- Petra Pinn, from a 1986 book
- Born: Petra Fitzalieu Pinn February 9, 1881 Zanesville, Ohio, US
- Died: February 21, 1958 (aged 77) Xenia, Ohio, US
- Other names: Petra F. Walker (during marriage 1911-1913)
- Occupations: Nurse, hospital administrator
- Known for: President of the National Association of Colored Graduate Nurses (1923–1924)

= Petra Pinn =

American nurse (1881–1958)

Petra Fitzalieu Pinn (February 9, 1881 – February 21, 1958) was an American nurse and hospital administrator, and president of the National Association of Colored Graduate Nurses (NACGN) in 1923 and 1924.

== Early life ==
Petra Pinn was born in Zanesville, Ohio, the daughter of William H. Pinn and Mary Elizabeth (Lizzie) Hicks Pinn.

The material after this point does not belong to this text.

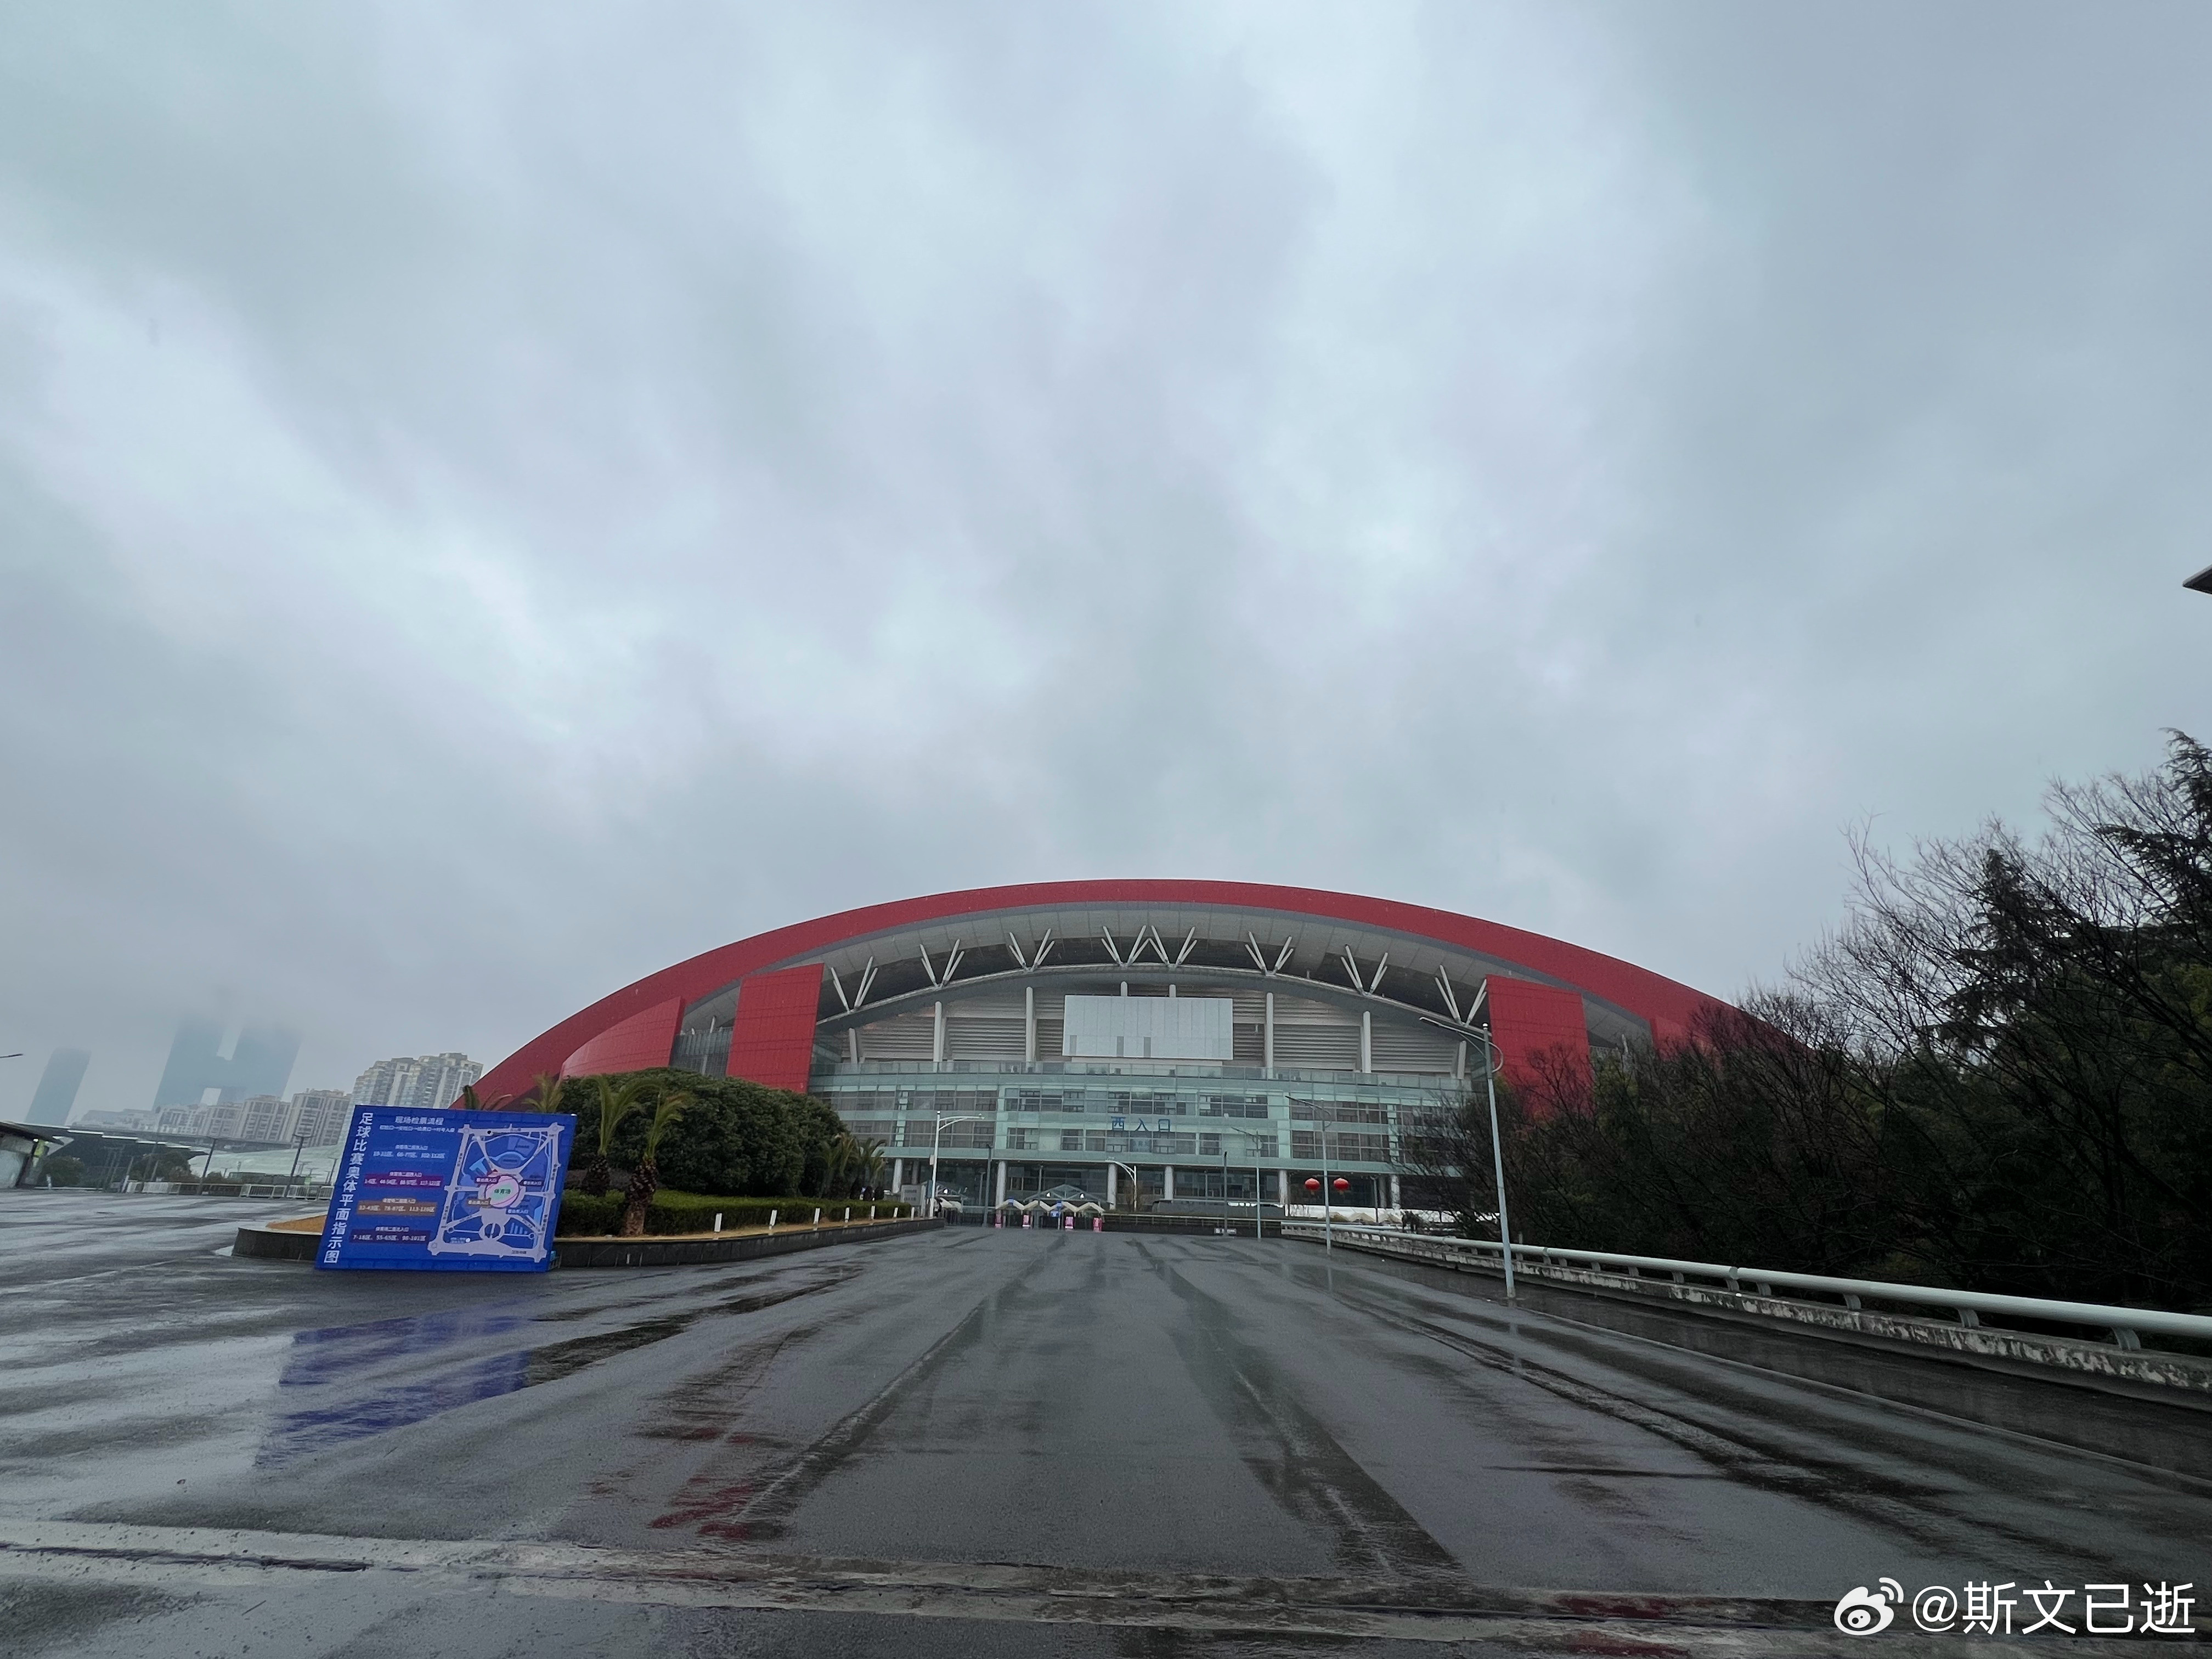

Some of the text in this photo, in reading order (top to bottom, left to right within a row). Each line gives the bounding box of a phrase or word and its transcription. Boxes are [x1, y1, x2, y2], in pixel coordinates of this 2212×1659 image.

[1111, 1116, 1170, 1132] 西入口
[324, 1113, 373, 1264] 足球比赛奥体平面指示图

Her father was born in 1840, enslaved on a plantation in Warrenton, Virginia; in adulthood, he worked at a glass factory and was a policeman in Ohio.

Pinn trained as a nurse at the Tuskegee Institute, graduating in 1906, and was founder and president of the nursing program's alumni association.

== Career ==
Pinn began her nursing career in Montgomery, Alabama. From 1909 to 1911, she served as superintendent of nurses and matron at a Red Cross sanitarium and training school in Louisville, Kentucky. She was in private nursing positions for several years, then in 1916 she moved to Palm Beach, Florida, to help open and run Pine Ridge Hospital. She moved to New York City and worked at the Seaview Hospital on Staten Island. In 1931 she sued and won a cash award from a hospital in South Carolina after a contract dispute, though the legal process dragged into 1932. In 1932, she was director of nurse training at Bethune–Cookman College.

She joined the National Association of Colored Graduate Nurses (NACGN) early in her career. She represented the NACGN at the American Nurses Association meeting in Atlanta in 1920. In 1923, she was elected president of NACGN; she resigned the presidency in 1926 for health reasons. She served as treasurer of the organization from 1929 to 1946, and won the NACGN's first Mary Mahoney Award in 1939. She retired from nursing and from NACGN in 1946.

== Personal life ==
Pinn was married in Louisville in 1911, to William D. Walker. They divorced in 1913, and she reassumed her birth name. In retirement, Pinn lived with her sister in Wilberforce, Ohio. She died at a hospital in Xenia, Ohio in 1958, after a stroke, aged 77 years.